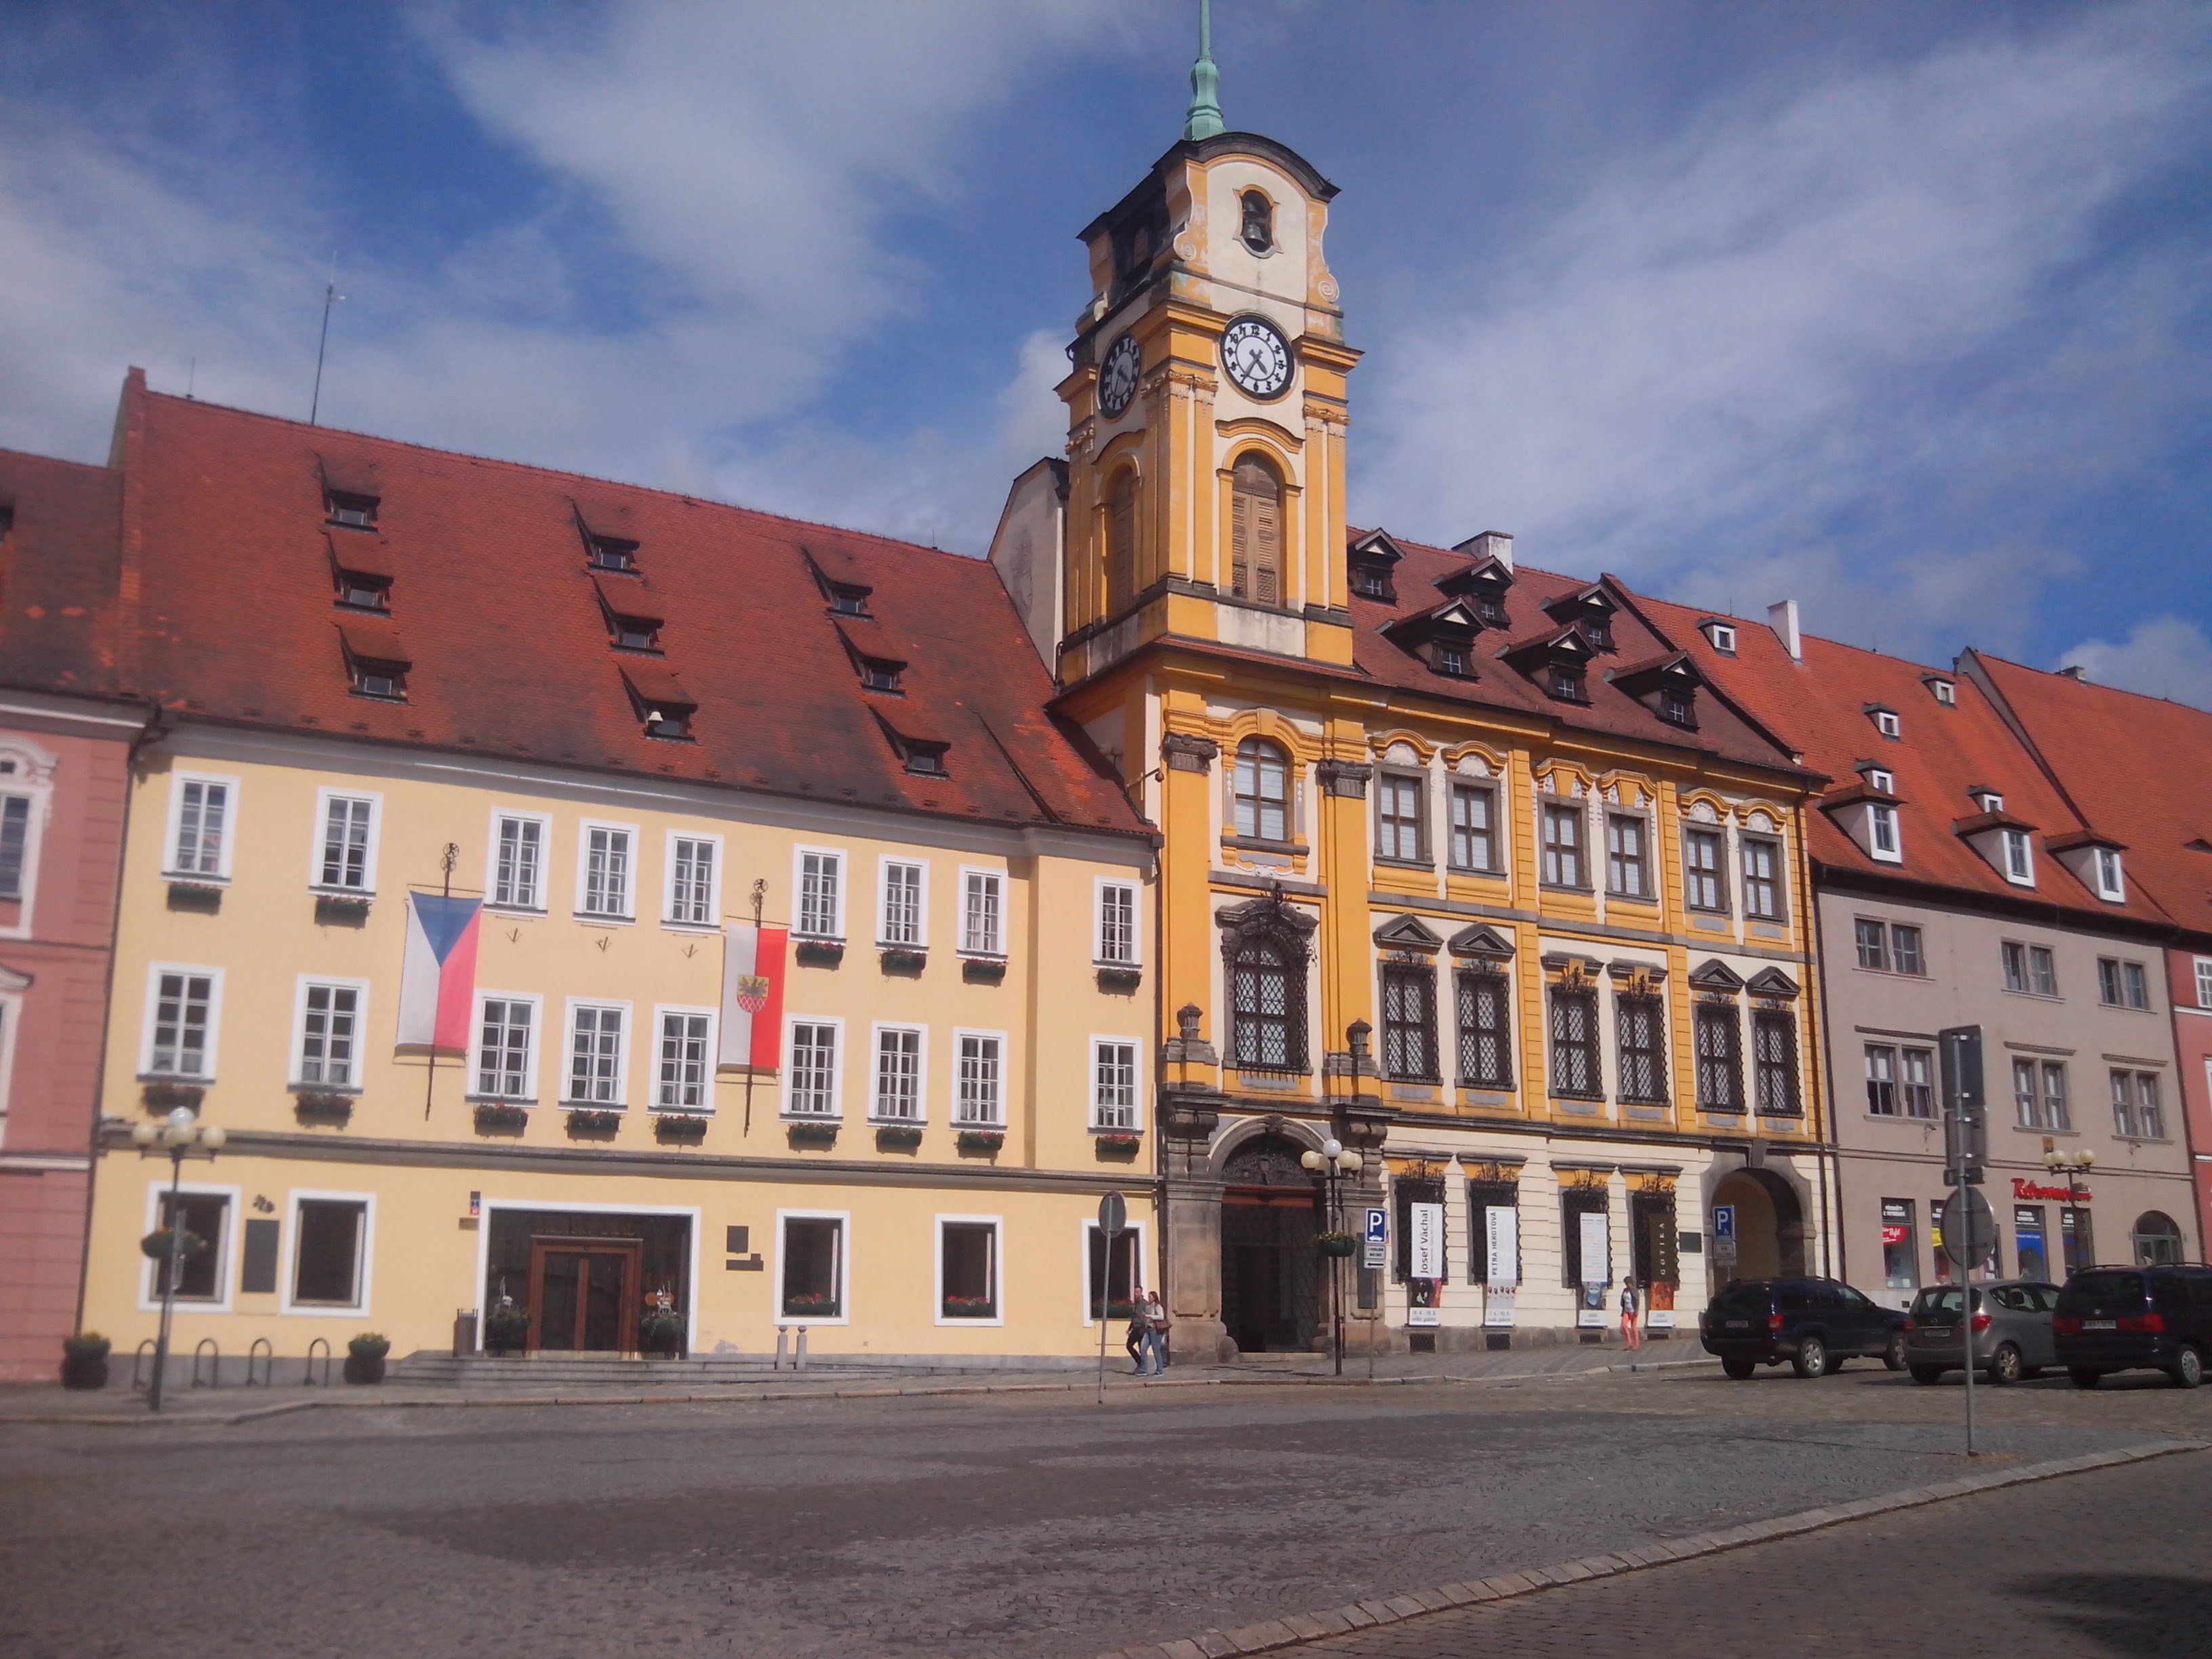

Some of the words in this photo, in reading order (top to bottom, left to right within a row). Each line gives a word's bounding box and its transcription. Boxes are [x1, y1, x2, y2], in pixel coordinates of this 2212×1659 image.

[1251, 325, 1260, 335] 12
[1229, 333, 1239, 344] 10
[1267, 331, 1272, 342] 1
[1227, 347, 1233, 357] 9
[1275, 345, 1282, 354] 2
[1231, 361, 1237, 371] 8
[1278, 360, 1284, 370] 3
[1274, 373, 1283, 383] 4
[1253, 380, 1259, 392] 6
[1266, 381, 1272, 391] 5
[1370, 1212, 1382, 1233] P
[1717, 1210, 1729, 1231] P
[1420, 1247, 1429, 1274] Josef

___

#### [Task prompt]
No picture belongs in the copy. Print every entry above exactly as it stands.

#### [Task result]
Some of the words in this photo, in reading order (top to bottom, left to right within a row). Each line gives a word's bounding box and its transcription. Boxes are [x1, y1, x2, y2], in pixel coordinates of this 2212×1659 image.

[1251, 325, 1260, 335] 12
[1229, 333, 1239, 344] 10
[1267, 331, 1272, 342] 1
[1227, 347, 1233, 357] 9
[1275, 345, 1282, 354] 2
[1231, 361, 1237, 371] 8
[1278, 360, 1284, 370] 3
[1274, 373, 1283, 383] 4
[1253, 380, 1259, 392] 6
[1266, 381, 1272, 391] 5
[1370, 1212, 1382, 1233] P
[1717, 1210, 1729, 1231] P
[1420, 1247, 1429, 1274] Josef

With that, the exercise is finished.